╭─ GIVEN RECORDS

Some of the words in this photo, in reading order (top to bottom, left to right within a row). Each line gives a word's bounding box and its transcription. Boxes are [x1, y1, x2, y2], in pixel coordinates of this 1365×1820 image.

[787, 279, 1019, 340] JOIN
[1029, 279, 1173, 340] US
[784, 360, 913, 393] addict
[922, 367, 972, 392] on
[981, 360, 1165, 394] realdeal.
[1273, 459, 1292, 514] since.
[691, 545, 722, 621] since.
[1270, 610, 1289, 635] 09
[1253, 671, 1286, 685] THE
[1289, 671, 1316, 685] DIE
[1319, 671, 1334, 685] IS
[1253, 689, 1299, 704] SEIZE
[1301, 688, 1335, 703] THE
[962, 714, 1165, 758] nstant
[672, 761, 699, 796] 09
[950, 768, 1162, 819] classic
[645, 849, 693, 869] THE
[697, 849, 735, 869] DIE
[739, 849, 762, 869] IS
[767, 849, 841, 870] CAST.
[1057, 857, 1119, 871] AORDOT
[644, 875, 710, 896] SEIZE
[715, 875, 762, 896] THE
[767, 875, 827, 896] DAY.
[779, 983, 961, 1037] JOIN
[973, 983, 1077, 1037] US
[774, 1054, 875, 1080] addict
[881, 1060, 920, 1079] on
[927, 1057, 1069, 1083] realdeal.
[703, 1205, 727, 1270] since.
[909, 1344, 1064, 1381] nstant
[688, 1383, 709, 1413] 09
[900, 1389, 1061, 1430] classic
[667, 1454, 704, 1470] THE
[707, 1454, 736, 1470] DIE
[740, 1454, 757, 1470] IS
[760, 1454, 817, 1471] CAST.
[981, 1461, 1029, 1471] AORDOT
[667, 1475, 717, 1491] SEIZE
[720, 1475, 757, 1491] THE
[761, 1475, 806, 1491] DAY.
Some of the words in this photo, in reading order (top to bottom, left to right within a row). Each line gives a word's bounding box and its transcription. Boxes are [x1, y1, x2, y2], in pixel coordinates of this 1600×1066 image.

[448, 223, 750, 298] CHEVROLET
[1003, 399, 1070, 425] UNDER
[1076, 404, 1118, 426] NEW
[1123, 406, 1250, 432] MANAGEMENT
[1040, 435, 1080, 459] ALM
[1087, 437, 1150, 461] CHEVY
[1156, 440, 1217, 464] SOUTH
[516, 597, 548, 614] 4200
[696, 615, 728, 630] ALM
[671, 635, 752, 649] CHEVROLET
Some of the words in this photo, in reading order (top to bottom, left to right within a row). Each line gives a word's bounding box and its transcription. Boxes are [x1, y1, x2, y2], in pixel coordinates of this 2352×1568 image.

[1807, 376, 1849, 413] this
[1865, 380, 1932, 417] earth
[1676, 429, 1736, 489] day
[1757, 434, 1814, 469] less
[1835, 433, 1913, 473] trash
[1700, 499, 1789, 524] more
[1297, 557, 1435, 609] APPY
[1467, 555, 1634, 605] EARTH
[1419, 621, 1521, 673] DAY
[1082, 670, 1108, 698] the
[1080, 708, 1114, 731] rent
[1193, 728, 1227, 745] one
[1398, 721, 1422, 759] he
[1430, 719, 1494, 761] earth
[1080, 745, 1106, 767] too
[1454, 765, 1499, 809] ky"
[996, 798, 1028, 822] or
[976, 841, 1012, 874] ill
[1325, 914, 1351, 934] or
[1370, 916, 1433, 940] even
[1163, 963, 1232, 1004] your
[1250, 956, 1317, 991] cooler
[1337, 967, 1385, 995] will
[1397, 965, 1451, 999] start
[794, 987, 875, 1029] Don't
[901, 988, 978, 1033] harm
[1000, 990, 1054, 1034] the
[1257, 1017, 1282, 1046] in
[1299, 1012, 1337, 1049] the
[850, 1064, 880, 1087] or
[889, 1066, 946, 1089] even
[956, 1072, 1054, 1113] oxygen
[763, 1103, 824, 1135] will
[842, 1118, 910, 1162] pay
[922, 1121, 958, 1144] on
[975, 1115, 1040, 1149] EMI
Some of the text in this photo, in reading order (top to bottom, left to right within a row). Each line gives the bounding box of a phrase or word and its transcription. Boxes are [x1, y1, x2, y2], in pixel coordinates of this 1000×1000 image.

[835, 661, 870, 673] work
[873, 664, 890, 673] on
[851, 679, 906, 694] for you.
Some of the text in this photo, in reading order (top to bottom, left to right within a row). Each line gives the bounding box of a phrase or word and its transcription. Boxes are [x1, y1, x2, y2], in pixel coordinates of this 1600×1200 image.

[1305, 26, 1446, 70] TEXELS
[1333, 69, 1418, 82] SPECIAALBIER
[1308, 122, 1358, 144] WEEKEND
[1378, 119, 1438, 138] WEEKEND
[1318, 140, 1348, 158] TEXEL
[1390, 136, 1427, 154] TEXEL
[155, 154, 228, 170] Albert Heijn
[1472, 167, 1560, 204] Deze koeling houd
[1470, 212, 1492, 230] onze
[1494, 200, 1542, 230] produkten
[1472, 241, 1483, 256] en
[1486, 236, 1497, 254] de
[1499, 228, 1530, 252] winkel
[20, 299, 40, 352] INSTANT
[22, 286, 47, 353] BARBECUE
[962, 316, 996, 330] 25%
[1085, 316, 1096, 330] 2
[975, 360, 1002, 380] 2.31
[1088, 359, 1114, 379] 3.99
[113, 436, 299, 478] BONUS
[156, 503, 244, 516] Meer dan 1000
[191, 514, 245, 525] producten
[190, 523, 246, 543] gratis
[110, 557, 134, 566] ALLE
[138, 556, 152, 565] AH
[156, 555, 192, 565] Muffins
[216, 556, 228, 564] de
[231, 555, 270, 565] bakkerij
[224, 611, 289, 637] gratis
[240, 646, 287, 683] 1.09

╰─

TASK DESCRIPTION -
Retype the data precisely.

EXERCISE OUTPUT -
Some of the words in this photo, in reading order (top to bottom, left to right within a row). Each line gives a word's bounding box and its transcription. Boxes are [x1, y1, x2, y2], in pixel coordinates of this 1365×1820 image.

[787, 279, 1019, 340] JOIN
[1029, 279, 1173, 340] US
[784, 360, 913, 393] addict
[922, 367, 972, 392] on
[981, 360, 1165, 394] realdeal.
[1273, 459, 1292, 514] since.
[691, 545, 722, 621] since.
[1270, 610, 1289, 635] 09
[1253, 671, 1286, 685] THE
[1289, 671, 1316, 685] DIE
[1319, 671, 1334, 685] IS
[1253, 689, 1299, 704] SEIZE
[1301, 688, 1335, 703] THE
[962, 714, 1165, 758] nstant
[672, 761, 699, 796] 09
[950, 768, 1162, 819] classic
[645, 849, 693, 869] THE
[697, 849, 735, 869] DIE
[739, 849, 762, 869] IS
[767, 849, 841, 870] CAST.
[1057, 857, 1119, 871] AORDOT
[644, 875, 710, 896] SEIZE
[715, 875, 762, 896] THE
[767, 875, 827, 896] DAY.
[779, 983, 961, 1037] JOIN
[973, 983, 1077, 1037] US
[774, 1054, 875, 1080] addict
[881, 1060, 920, 1079] on
[927, 1057, 1069, 1083] realdeal.
[703, 1205, 727, 1270] since.
[909, 1344, 1064, 1381] nstant
[688, 1383, 709, 1413] 09
[900, 1389, 1061, 1430] classic
[667, 1454, 704, 1470] THE
[707, 1454, 736, 1470] DIE
[740, 1454, 757, 1470] IS
[760, 1454, 817, 1471] CAST.
[981, 1461, 1029, 1471] AORDOT
[667, 1475, 717, 1491] SEIZE
[720, 1475, 757, 1491] THE
[761, 1475, 806, 1491] DAY.
Some of the words in this photo, in reading order (top to bottom, left to right within a row). Each line gives a word's bounding box and its transcription. Boxes are [x1, y1, x2, y2], in pixel coordinates of this 1600×1066 image.

[448, 223, 750, 298] CHEVROLET
[1003, 399, 1070, 425] UNDER
[1076, 404, 1118, 426] NEW
[1123, 406, 1250, 432] MANAGEMENT
[1040, 435, 1080, 459] ALM
[1087, 437, 1150, 461] CHEVY
[1156, 440, 1217, 464] SOUTH
[516, 597, 548, 614] 4200
[696, 615, 728, 630] ALM
[671, 635, 752, 649] CHEVROLET
Some of the words in this photo, in reading order (top to bottom, left to right within a row). Each line gives a word's bounding box and its transcription. Boxes are [x1, y1, x2, y2], in pixel coordinates of this 2352×1568 image.

[1807, 376, 1849, 413] this
[1865, 380, 1932, 417] earth
[1676, 429, 1736, 489] day
[1757, 434, 1814, 469] less
[1835, 433, 1913, 473] trash
[1700, 499, 1789, 524] more
[1297, 557, 1435, 609] APPY
[1467, 555, 1634, 605] EARTH
[1419, 621, 1521, 673] DAY
[1082, 670, 1108, 698] the
[1080, 708, 1114, 731] rent
[1193, 728, 1227, 745] one
[1398, 721, 1422, 759] he
[1430, 719, 1494, 761] earth
[1080, 745, 1106, 767] too
[1454, 765, 1499, 809] ky"
[996, 798, 1028, 822] or
[976, 841, 1012, 874] ill
[1325, 914, 1351, 934] or
[1370, 916, 1433, 940] even
[1163, 963, 1232, 1004] your
[1250, 956, 1317, 991] cooler
[1337, 967, 1385, 995] will
[1397, 965, 1451, 999] start
[794, 987, 875, 1029] Don't
[901, 988, 978, 1033] harm
[1000, 990, 1054, 1034] the
[1257, 1017, 1282, 1046] in
[1299, 1012, 1337, 1049] the
[850, 1064, 880, 1087] or
[889, 1066, 946, 1089] even
[956, 1072, 1054, 1113] oxygen
[763, 1103, 824, 1135] will
[842, 1118, 910, 1162] pay
[922, 1121, 958, 1144] on
[975, 1115, 1040, 1149] EMI
Some of the text in this photo, in reading order (top to bottom, left to right within a row). Each line gives the bounding box of a phrase or word and its transcription. Boxes are [x1, y1, x2, y2], in pixel coordinates of this 1000×1000 image.

[835, 661, 870, 673] work
[873, 664, 890, 673] on
[851, 679, 906, 694] for you.
Some of the text in this photo, in reading order (top to bottom, left to right within a row). Each line gives the bounding box of a phrase or word and its transcription. Boxes are [x1, y1, x2, y2], in pixel coordinates of this 1600×1200 image.

[1305, 26, 1446, 70] TEXELS
[1333, 69, 1418, 82] SPECIAALBIER
[1308, 122, 1358, 144] WEEKEND
[1378, 119, 1438, 138] WEEKEND
[1318, 140, 1348, 158] TEXEL
[1390, 136, 1427, 154] TEXEL
[155, 154, 228, 170] Albert Heijn
[1472, 167, 1560, 204] Deze koeling houd
[1470, 212, 1492, 230] onze
[1494, 200, 1542, 230] produkten
[1472, 241, 1483, 256] en
[1486, 236, 1497, 254] de
[1499, 228, 1530, 252] winkel
[20, 299, 40, 352] INSTANT
[22, 286, 47, 353] BARBECUE
[962, 316, 996, 330] 25%
[1085, 316, 1096, 330] 2
[975, 360, 1002, 380] 2.31
[1088, 359, 1114, 379] 3.99
[113, 436, 299, 478] BONUS
[156, 503, 244, 516] Meer dan 1000
[191, 514, 245, 525] producten
[190, 523, 246, 543] gratis
[110, 557, 134, 566] ALLE
[138, 556, 152, 565] AH
[156, 555, 192, 565] Muffins
[216, 556, 228, 564] de
[231, 555, 270, 565] bakkerij
[224, 611, 289, 637] gratis
[240, 646, 287, 683] 1.09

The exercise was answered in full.